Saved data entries
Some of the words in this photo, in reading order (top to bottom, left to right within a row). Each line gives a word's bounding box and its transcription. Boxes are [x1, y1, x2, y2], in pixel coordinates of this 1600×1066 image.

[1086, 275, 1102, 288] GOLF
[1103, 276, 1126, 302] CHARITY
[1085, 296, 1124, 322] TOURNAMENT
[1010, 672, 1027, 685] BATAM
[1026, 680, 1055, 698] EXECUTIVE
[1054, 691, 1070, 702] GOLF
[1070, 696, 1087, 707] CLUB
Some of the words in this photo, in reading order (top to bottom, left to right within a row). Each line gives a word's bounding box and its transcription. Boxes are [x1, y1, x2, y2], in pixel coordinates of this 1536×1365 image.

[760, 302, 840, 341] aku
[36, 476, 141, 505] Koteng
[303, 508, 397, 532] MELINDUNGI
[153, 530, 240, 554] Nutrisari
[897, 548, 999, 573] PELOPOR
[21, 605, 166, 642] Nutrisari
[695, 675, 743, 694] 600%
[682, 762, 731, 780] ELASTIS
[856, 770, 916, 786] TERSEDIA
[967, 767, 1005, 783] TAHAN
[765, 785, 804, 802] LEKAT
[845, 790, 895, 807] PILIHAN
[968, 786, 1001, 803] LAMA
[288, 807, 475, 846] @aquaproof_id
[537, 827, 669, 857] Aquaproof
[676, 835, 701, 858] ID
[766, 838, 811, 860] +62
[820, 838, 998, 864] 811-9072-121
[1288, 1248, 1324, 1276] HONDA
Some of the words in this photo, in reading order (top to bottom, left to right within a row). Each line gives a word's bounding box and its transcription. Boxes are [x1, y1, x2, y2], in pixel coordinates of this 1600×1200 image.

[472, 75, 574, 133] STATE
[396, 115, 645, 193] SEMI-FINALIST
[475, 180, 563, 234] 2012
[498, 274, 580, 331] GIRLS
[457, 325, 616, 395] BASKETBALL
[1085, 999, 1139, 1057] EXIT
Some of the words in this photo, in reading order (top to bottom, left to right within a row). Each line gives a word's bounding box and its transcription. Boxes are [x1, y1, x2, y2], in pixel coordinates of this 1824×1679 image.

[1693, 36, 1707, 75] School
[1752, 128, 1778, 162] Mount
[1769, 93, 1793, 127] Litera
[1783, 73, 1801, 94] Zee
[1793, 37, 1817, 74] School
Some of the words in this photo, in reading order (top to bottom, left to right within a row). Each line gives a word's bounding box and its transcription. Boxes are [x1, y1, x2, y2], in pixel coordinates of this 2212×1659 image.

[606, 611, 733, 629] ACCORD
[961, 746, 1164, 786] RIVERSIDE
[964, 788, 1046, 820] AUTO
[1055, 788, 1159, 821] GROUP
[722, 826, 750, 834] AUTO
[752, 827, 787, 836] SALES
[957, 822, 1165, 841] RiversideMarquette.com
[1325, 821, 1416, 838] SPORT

_TO DO_. Please make the answer a complete, exact reproduction of the records.

_WORKED SOLUTION_.
Some of the words in this photo, in reading order (top to bottom, left to right within a row). Each line gives a word's bounding box and its transcription. Boxes are [x1, y1, x2, y2], in pixel coordinates of this 1600×1066 image.

[1086, 275, 1102, 288] GOLF
[1103, 276, 1126, 302] CHARITY
[1085, 296, 1124, 322] TOURNAMENT
[1010, 672, 1027, 685] BATAM
[1026, 680, 1055, 698] EXECUTIVE
[1054, 691, 1070, 702] GOLF
[1070, 696, 1087, 707] CLUB
Some of the words in this photo, in reading order (top to bottom, left to right within a row). Each line gives a word's bounding box and its transcription. Boxes are [x1, y1, x2, y2], in pixel coordinates of this 1536×1365 image.

[760, 302, 840, 341] aku
[36, 476, 141, 505] Koteng
[303, 508, 397, 532] MELINDUNGI
[153, 530, 240, 554] Nutrisari
[897, 548, 999, 573] PELOPOR
[21, 605, 166, 642] Nutrisari
[695, 675, 743, 694] 600%
[682, 762, 731, 780] ELASTIS
[856, 770, 916, 786] TERSEDIA
[967, 767, 1005, 783] TAHAN
[765, 785, 804, 802] LEKAT
[845, 790, 895, 807] PILIHAN
[968, 786, 1001, 803] LAMA
[288, 807, 475, 846] @aquaproof_id
[537, 827, 669, 857] Aquaproof
[676, 835, 701, 858] ID
[766, 838, 811, 860] +62
[820, 838, 998, 864] 811-9072-121
[1288, 1248, 1324, 1276] HONDA
Some of the words in this photo, in reading order (top to bottom, left to right within a row). Each line gives a word's bounding box and its transcription. Boxes are [x1, y1, x2, y2], in pixel coordinates of this 1600×1200 image.

[472, 75, 574, 133] STATE
[396, 115, 645, 193] SEMI-FINALIST
[475, 180, 563, 234] 2012
[498, 274, 580, 331] GIRLS
[457, 325, 616, 395] BASKETBALL
[1085, 999, 1139, 1057] EXIT
Some of the words in this photo, in reading order (top to bottom, left to right within a row). Each line gives a word's bounding box and its transcription. Boxes are [x1, y1, x2, y2], in pixel coordinates of this 1824×1679 image.

[1693, 36, 1707, 75] School
[1752, 128, 1778, 162] Mount
[1769, 93, 1793, 127] Litera
[1783, 73, 1801, 94] Zee
[1793, 37, 1817, 74] School
Some of the words in this photo, in reading order (top to bottom, left to right within a row). Each line gives a word's bounding box and its transcription. Boxes are [x1, y1, x2, y2], in pixel coordinates of this 2212×1659 image.

[606, 611, 733, 629] ACCORD
[961, 746, 1164, 786] RIVERSIDE
[964, 788, 1046, 820] AUTO
[1055, 788, 1159, 821] GROUP
[722, 826, 750, 834] AUTO
[752, 827, 787, 836] SALES
[957, 822, 1165, 841] RiversideMarquette.com
[1325, 821, 1416, 838] SPORT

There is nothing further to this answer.